Lin received this second token also, and thanked the giver for it. His first feeling had been to prevent the boy’s parting with his treasures, but something that came not from the polish of manners and experience made him know that he should take them. Billy talked away, laying bare his little soul; the street boy that was not quite come made place for the child that was not quite gone, and unimportant words and confidences dropped from him disjointed as he climbed to the knee of Mr. McLean, and inadvertently took that cow-puncher for some sort of parent he had not hitherto met. It lasted but a short while, however, for he went to sleep in the middle of a sentence, with his head upon Lin’s breast. The man held him perfectly still, because he had not the faintest notion that Billy would be impossible to disturb. At length he spoke to him, suggesting that bed might prove more comfortable; and, finding how it was, rose and undressed the boy and laid him between the sheets. The arms and legs seemed aware of the moves required of them, and stirred conveniently; and directly the head was upon the pillow the whole small frame burrowed down, without the opening of an eye or a change in the breathing. Lin stood some time by the bedside, with his eyes on the long, curling lashes and the curly hair. Then he glanced craftily at the door of the room, and at himself in the looking-glass. He stooped and kissed Billy on the forehead, and, rising from that, gave himself a hangdog stare in the mirror, and soon in his own bed was sleeping the sound sleep of health.

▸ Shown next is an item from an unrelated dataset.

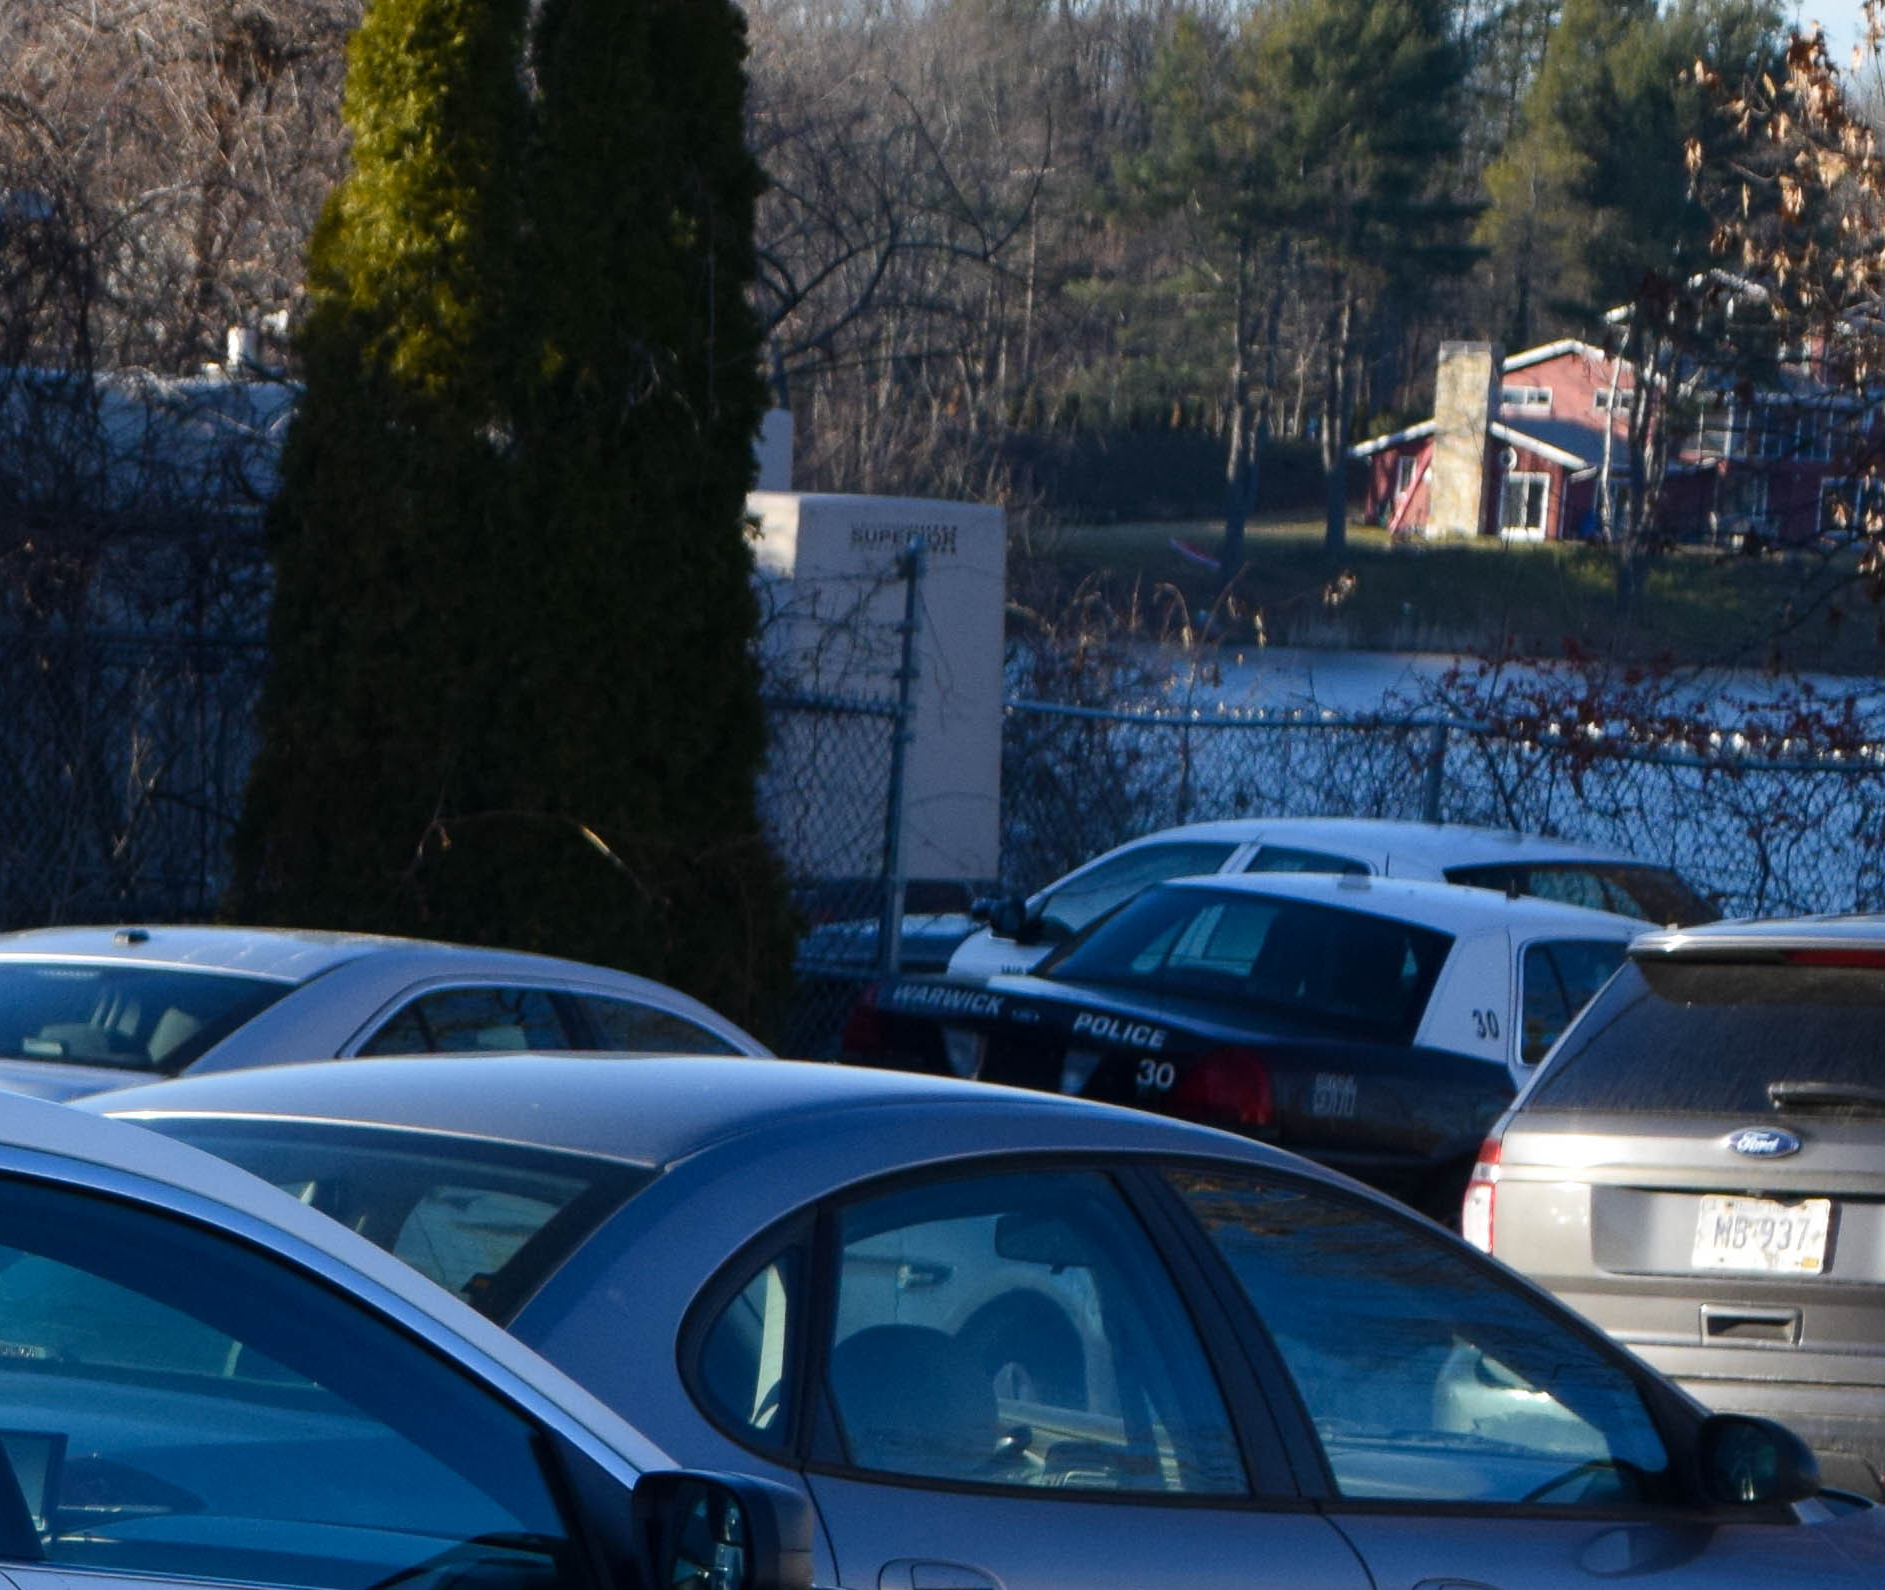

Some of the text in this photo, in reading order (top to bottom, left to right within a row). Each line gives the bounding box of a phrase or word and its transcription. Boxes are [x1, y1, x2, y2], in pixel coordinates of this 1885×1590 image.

[892, 983, 1167, 1049] WARWICK POLICE
[1472, 1008, 1499, 1040] 30
[1136, 1058, 1176, 1089] 30
[1737, 1131, 1780, 1153] Ford

He was faintly roused by the church bells, and lay still, lingering with his sleep, his eyes closed, and his thoughts unshaped. As he became slowly aware of the morning, the ringing and the light reached him, and he waked wholly, and, still lying quiet, considered the strange room filled with the bells and the sun of the winter’s day. “Where have I struck now?” he inquired; and as last night returned abruptly upon his mind, he raised himself on his arm.

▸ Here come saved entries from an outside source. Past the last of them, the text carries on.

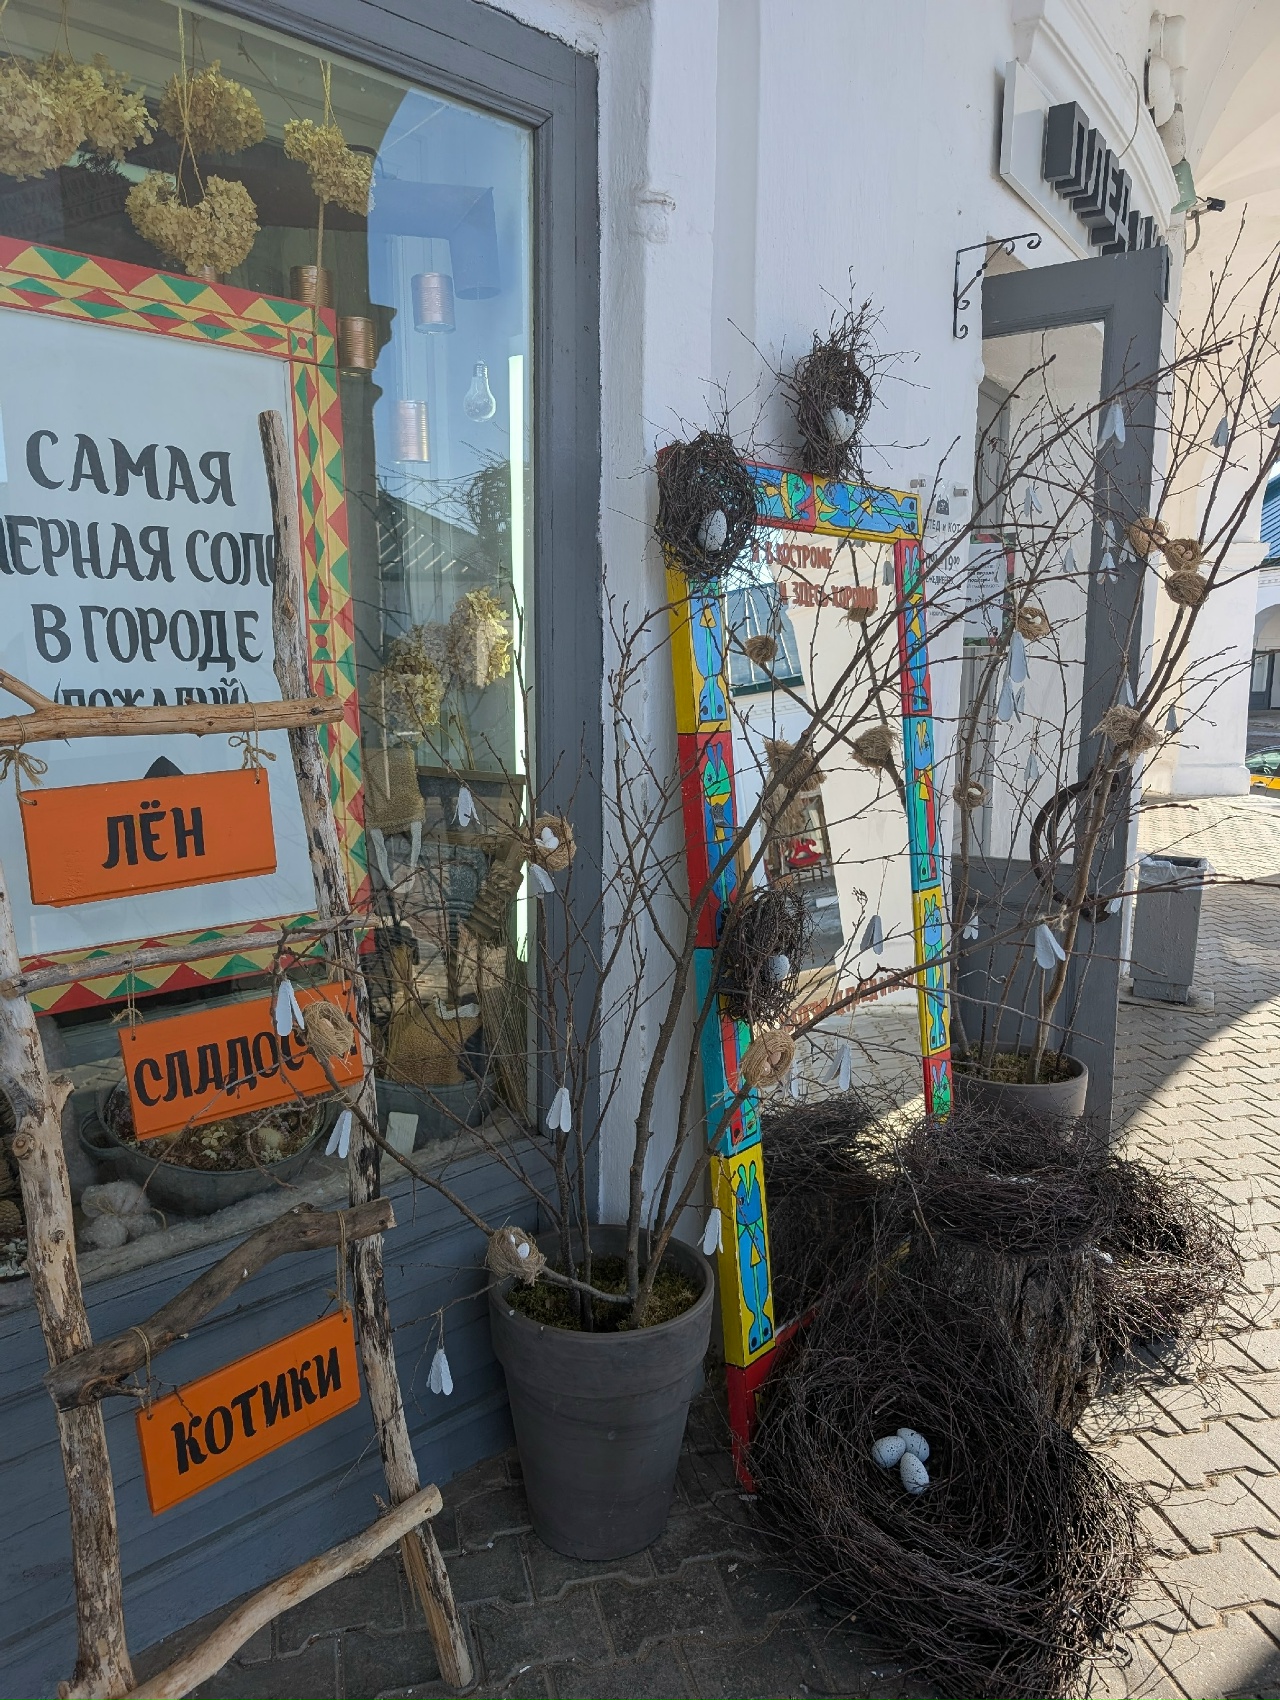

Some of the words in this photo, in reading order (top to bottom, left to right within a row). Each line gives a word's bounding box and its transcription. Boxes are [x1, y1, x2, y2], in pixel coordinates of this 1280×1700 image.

[26, 430, 236, 506] САМАЯ
[776, 542, 833, 569] КОСТРОМЕ
[31, 604, 72, 663] В
[79, 605, 263, 673] ГОРОДЕ
[101, 799, 206, 869] ЛЁН
[133, 1012, 357, 1106] СЛАДОС
[170, 1346, 342, 1475] КОТИКИ

There sat Responsibility in a chair, washed clean and dressed, watching him.
“You’re awful late,” said Responsibility. “But I weren’t a-going without telling you good-bye.”
“Go?” exclaimed Lin. “Go where? Yu’ surely ain’t leavin’ me to eat breakfast alone?” The cow-puncher made his voice very plaintive. Set Responsibility free after all his trouble to catch him? This was more than he could do!
“I’ve got to go. If I’d thought you’d want for me to stay—why, you said you was a-going by the early train!”
“But the durned thing’s got away on me,” said Lin, smiling sweetly from the bed.
“If I hadn’t a-promised them—”
“Who?”
“Sidney Ellis and Pete Goode. Why, you know them; you grubbed with them.”
“Shucks!”
“We’re a-going to have fun to-day.”
“Oh!”
“For it’s Christmas, an’ we’ve bought some good cigars, an’ Pete says he’ll learn me sure. O’ course I’ve smoked some, you know. But I’d just as leaves stayed with you if I’d only knowed sooner. I wish you lived here. Did you smoke whole big cigars when you was beginning?”